Whitehot Magazine

Clyfford Still: Dialogue and Defiance: Clyfford Still and the Abstract Expressionists

Clyfford Still, PH-1062, 1951. Oil on canvas, 114 3.4 x 161 1.2 in. Clyfford Still Museum, Denver, CO. © City and County of Denver, ARS, NY

By GARY BREWER July 5, 2024

“A great free joy surges through me when I work … as the blues or reds or blacks leap and quiver in their tenuous ambience or rise in austere thrusts to carry their power infinitely beyond the bounds of the limiting field, I move with them and find a resurrection from the moribund oppressions that held me only hours ago.”

—Clyfford Still, Diary entry, 1956 

It is a joy to see the profoundly moving monumental paintings at the Clyfford Still Museum in Denver, Colorado. Still’s work gains in power when seen en masse, each painting speaking to the others: the bold cadences of his vertical fields of color create oscillating figure/ground relationships, flame-like breaches burst forth on vast areas of blank canvas. Each painting is a complete statement, but together they engage one like stanzas of an infinite visual poem.

Clyfford Still is an artist I have admired for decades. When I moved to the Bay Area many years ago, an important collection of his work, 28 paintings that Still donated to SFMOMA in 1975, were on permanent display. These were works that I would look at again and again, to gain a deeper understanding of what the abstract expressionist painters accomplished beginning in the 1940s and 1950s. Collectively, they reached for a level of art that would convey the romantic sublime, with a moral conviction that painting could be an instrument for self-realization and transcendence. These painters—Rothko, Pollock, Newman and others—all conveyed a spiritual belief in the power of art that still moves and inspires me. So it was a great joy to have an opportunity to visit the Clyfford Still Museum and see this brilliant collection.

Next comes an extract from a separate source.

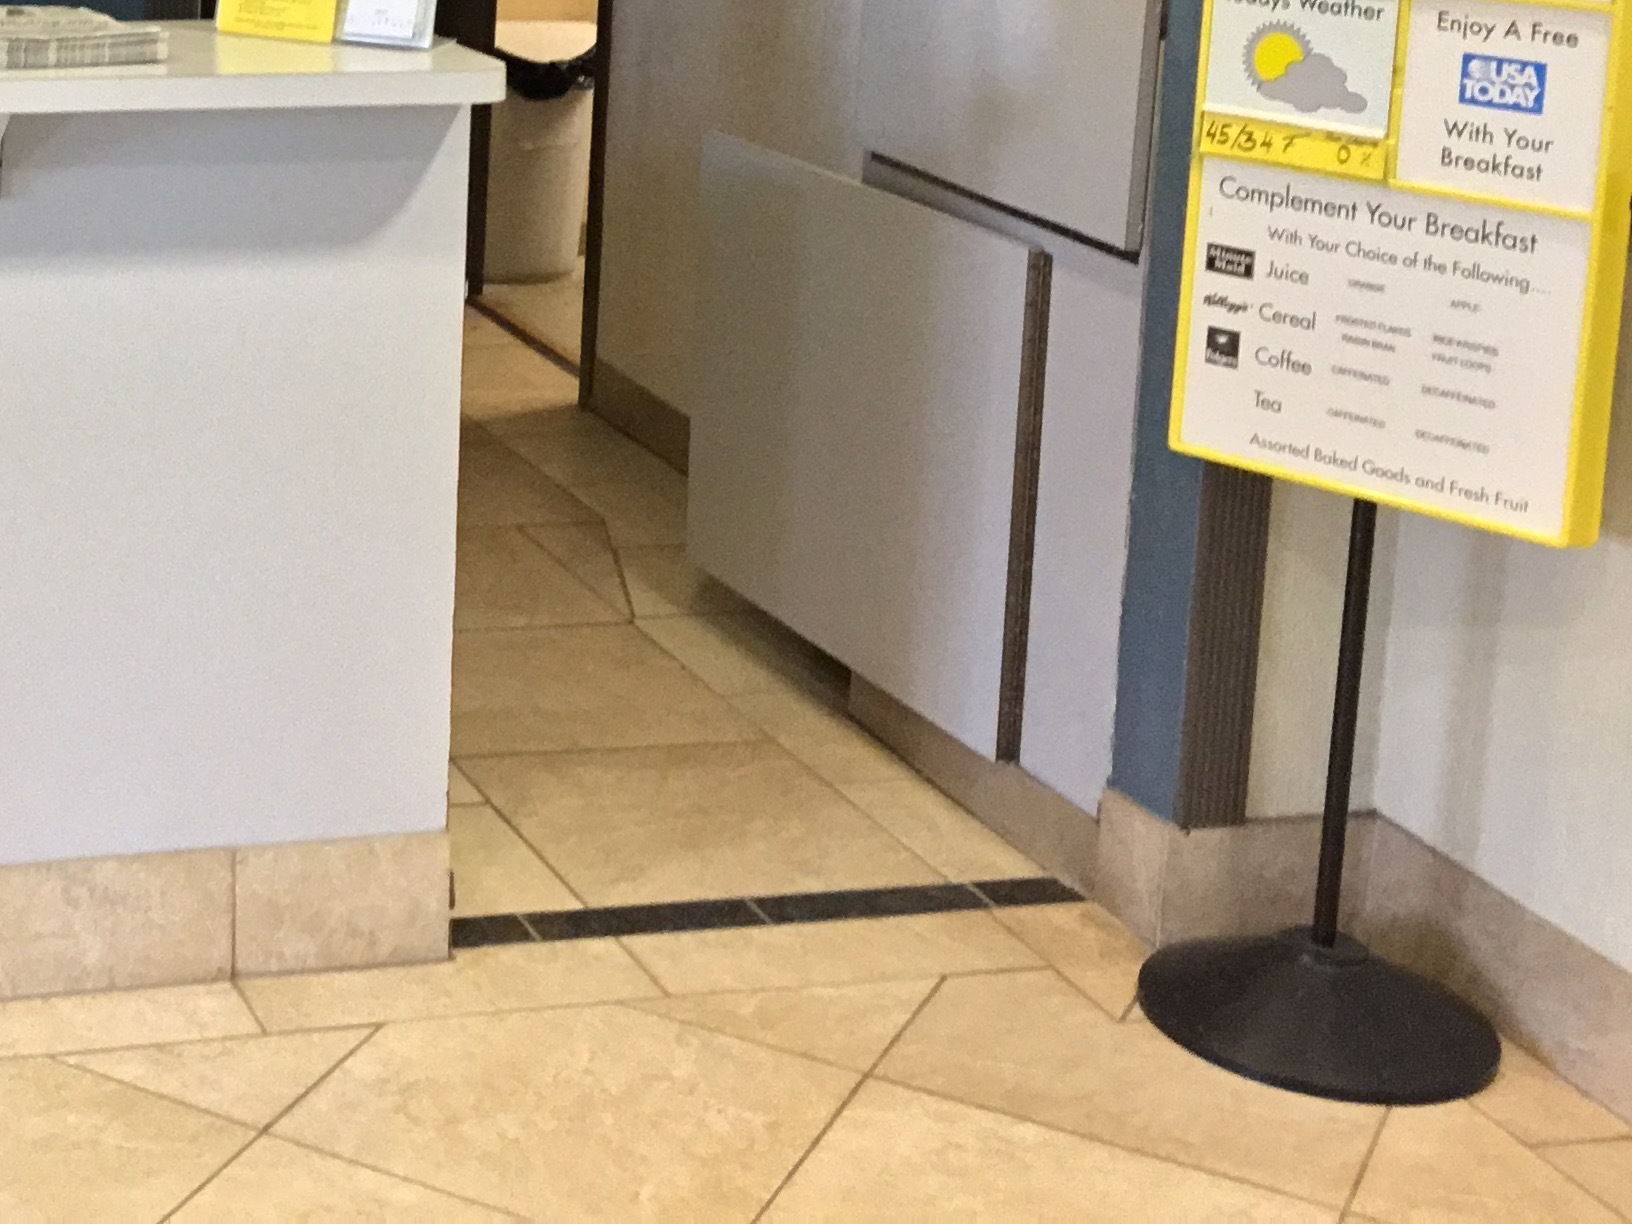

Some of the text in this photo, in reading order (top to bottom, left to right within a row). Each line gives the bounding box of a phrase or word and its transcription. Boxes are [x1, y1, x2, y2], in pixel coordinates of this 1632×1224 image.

The museum exhibits only the work of Clyfford Still, a requirement of his widow, Patricia Still, and the estate. His works were held in limbo, stored in his studio-barn in Maryland, from his death in 1980 until Patricia Still was satisfied with Denver’s 2004 offer to build a museum for the collection, a total of 825 paintings and some 2,300 works on paper.

The museum, designed by Brad Cloepfil of Allied Works Architecture, is a clean, elegant space beautifully illuminated by overhead skylights, carefully controlled with a system for blocking out the sun as needed to protect the paintings. Each room displays the works with enough space to let them breathe, the colors expanding outward beyond the borders of the canvas, allowing them to communicate their expressive power. Still’s belief that his paintings needed to be seen together, to interact in a dialogue that would enrich the viewer’s understanding of his work, can be felt in these beautifully coordinated displays.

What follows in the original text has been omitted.